What just happened? A significant portion of today’s internet traffic consists of bots, and AI algorithms are exacerbating the issue. Bots, security vulnerabilities, and malicious campaigns can disrupt even the largest services. Recently, Cloudflare mitigated a massive DDoS attack that was part of a month-long campaign targeting multiple types of customers.
The CDN “auto-mitigated” a record-breaking DDoS attack aimed at a single, unnamed customer. Cloudflare’s defenses intercepted over 100 hyper-volumetric L3/4 DDoS attacks during the month, many of which exceeded two billion packets per second and three terabits per second (Tbps).
The largest attack involved 3.8 Tbps of malicious traffic, which cybercriminals attempted to flood a single customer with in just one minute. Cloudflare’s systems detected and mitigated this “world record” DDoS attack without any human intervention.
The month-long, unprecedented attack campaign targeted Cloudflare customers in the finance, internet, and telecommunications sectors, aiming to either saturate network bandwidth or exhaust the computing resources of in-line applications and devices. The attacks primarily utilized the UDP protocol, with major sources of the data flood originating from Vietnam, Russia, Brazil, Spain, and the U.S.
Several types of compromised devices were exploited to generate this record-breaking traffic, though Cloudflare noted that most of the “high bitrate” attacks stemmed from vulnerable Asus routers affected by a critical security flaw (CVE 9.8), recently discovered by Censys. The DDoS attacks aimed to overwhelm networks with excessive data packets from multiple sources, while also straining the “CPU cycles” needed to process those packets.

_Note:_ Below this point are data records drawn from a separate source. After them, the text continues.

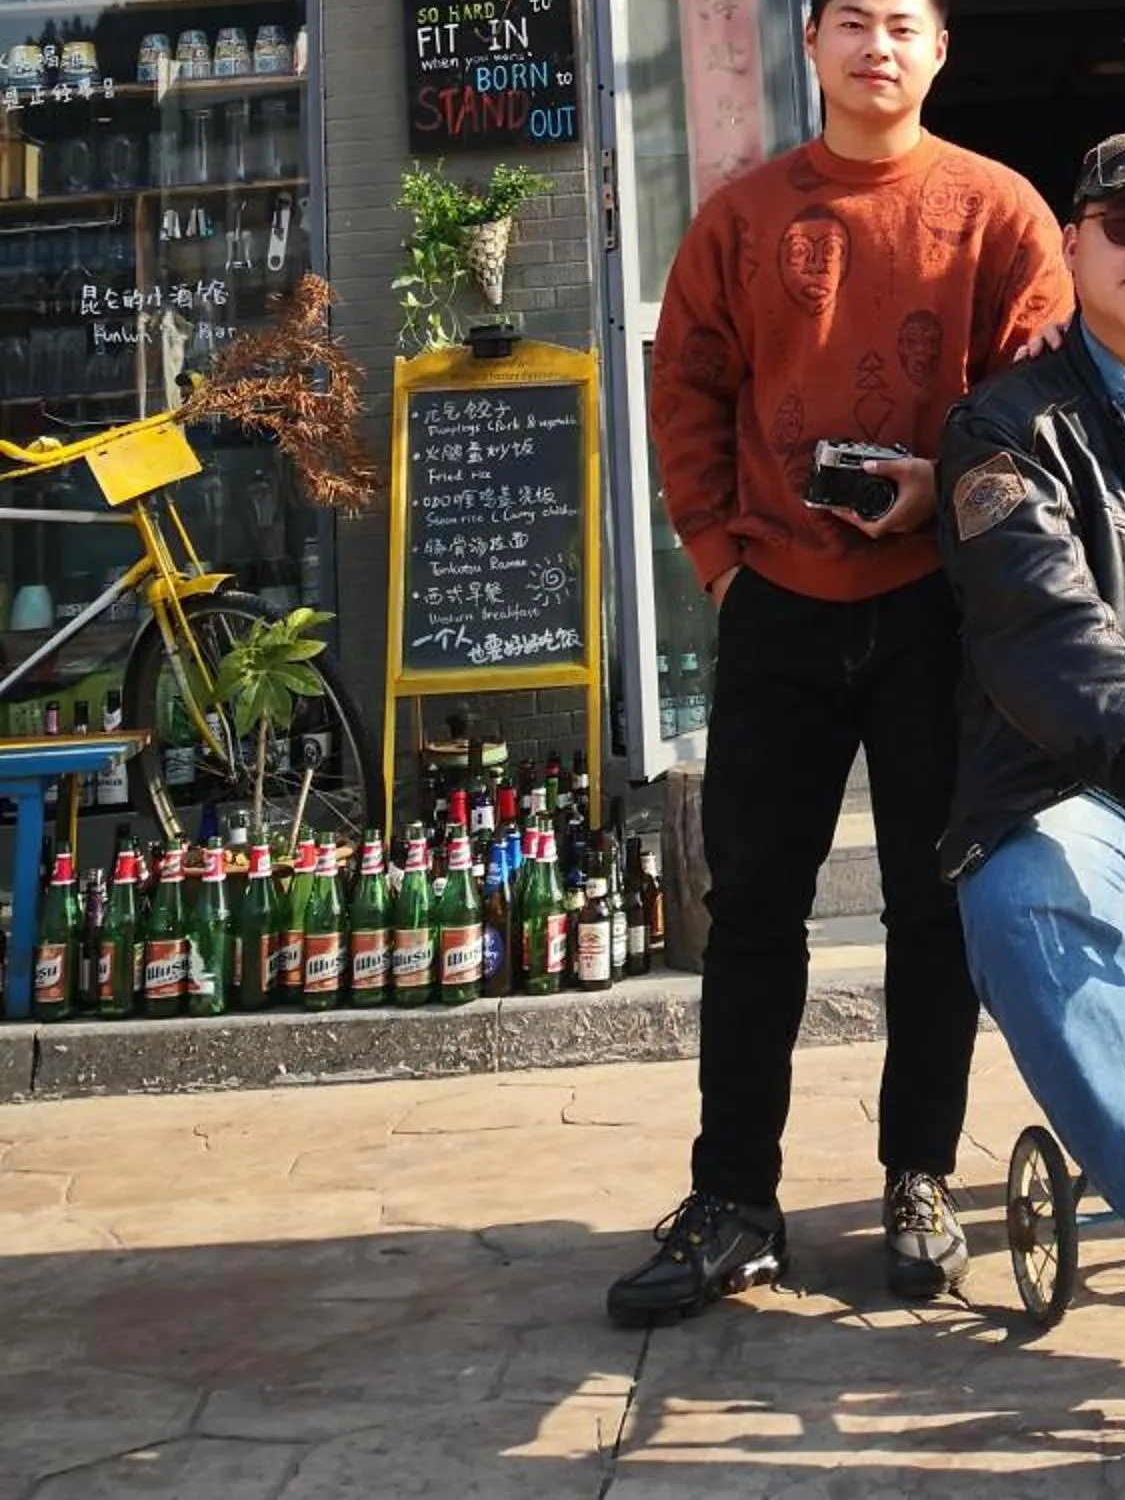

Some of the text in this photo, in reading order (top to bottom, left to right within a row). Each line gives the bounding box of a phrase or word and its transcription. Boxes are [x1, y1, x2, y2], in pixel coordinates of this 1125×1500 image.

[417, 5, 439, 24] SO
[449, 1, 496, 23] HARD
[417, 16, 530, 57] FIT IN
[421, 56, 459, 72] when
[476, 62, 573, 92] BORN to
[414, 84, 576, 138] STAND OUT
[80, 279, 229, 315] 昆仑的小酒馆
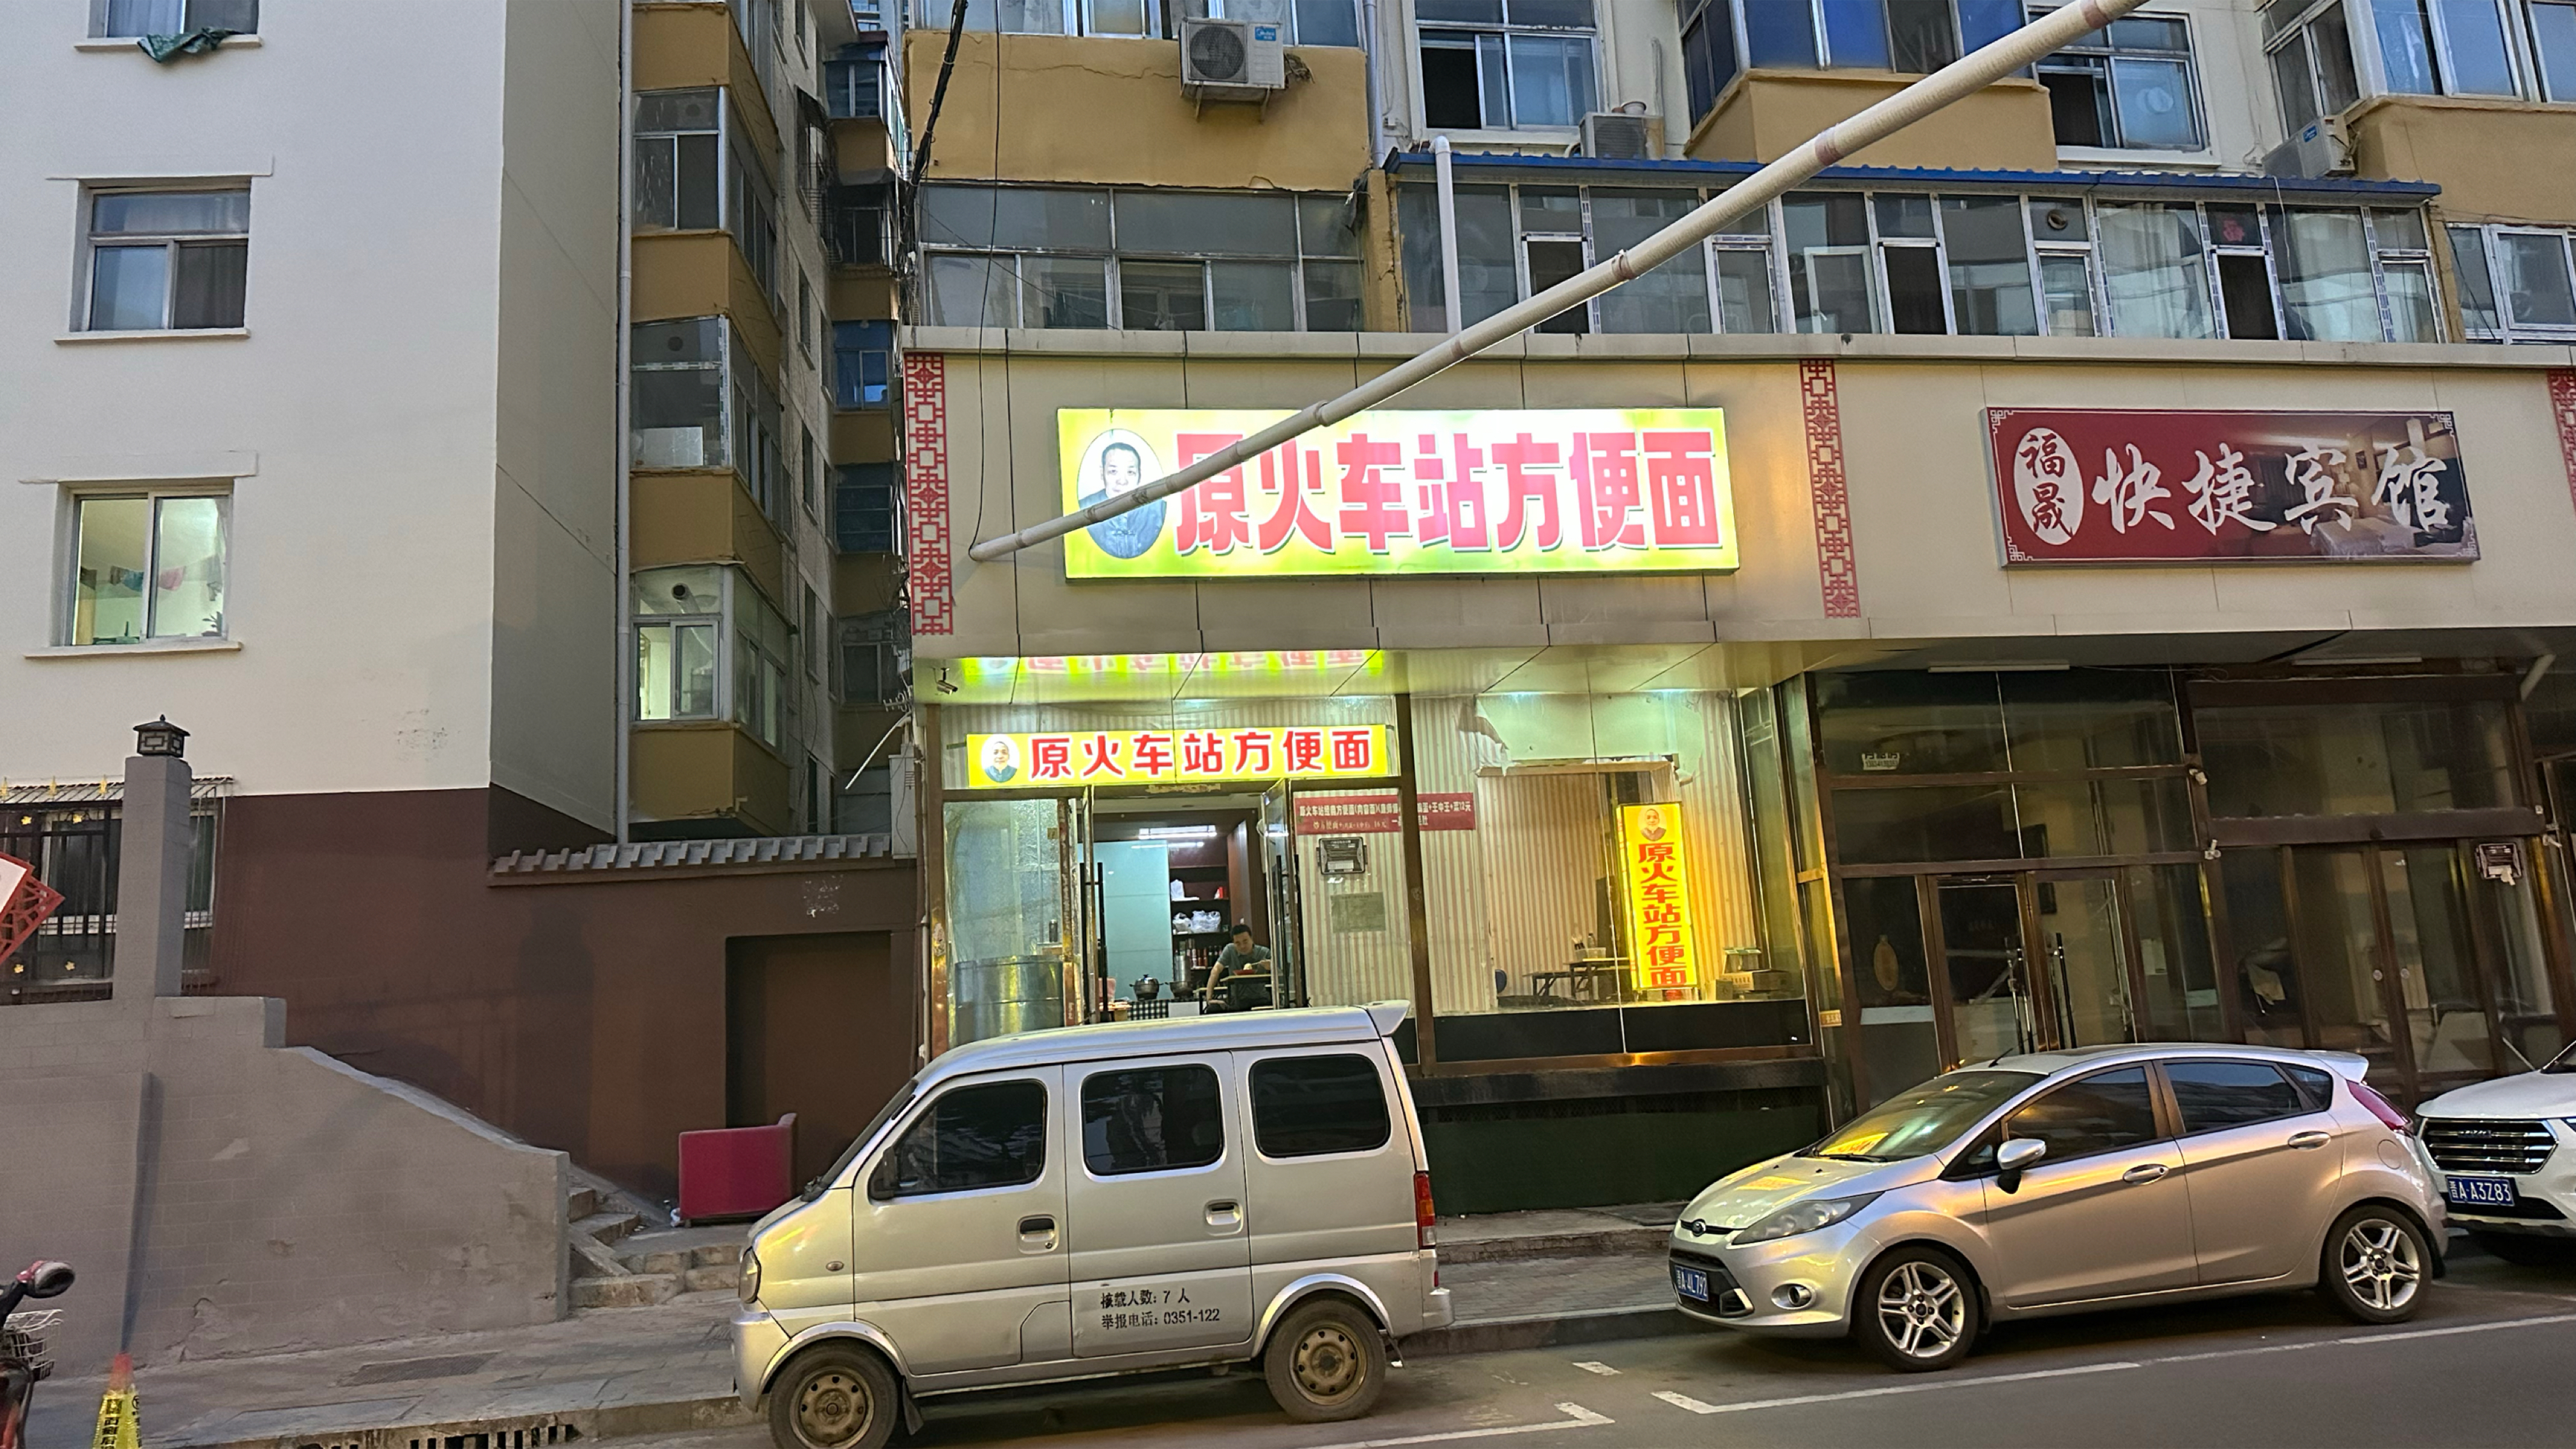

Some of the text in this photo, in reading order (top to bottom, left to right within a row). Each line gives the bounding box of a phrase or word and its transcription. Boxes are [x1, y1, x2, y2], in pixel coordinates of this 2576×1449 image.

By sending enough malicious packets, attackers can potentially consume all of a system’s CPU resources, making normal operations unsustainable. Cloudflare deploys a range of filters and network protections to thwart both malicious traffic and attempts to exhaust CPU resources.
Its “software-defined” approach successfully shielded customers from the largest DDoS campaign on record. The company, however, recommends that customers implement additional security measures, though these can be costly, especially for larger organizations.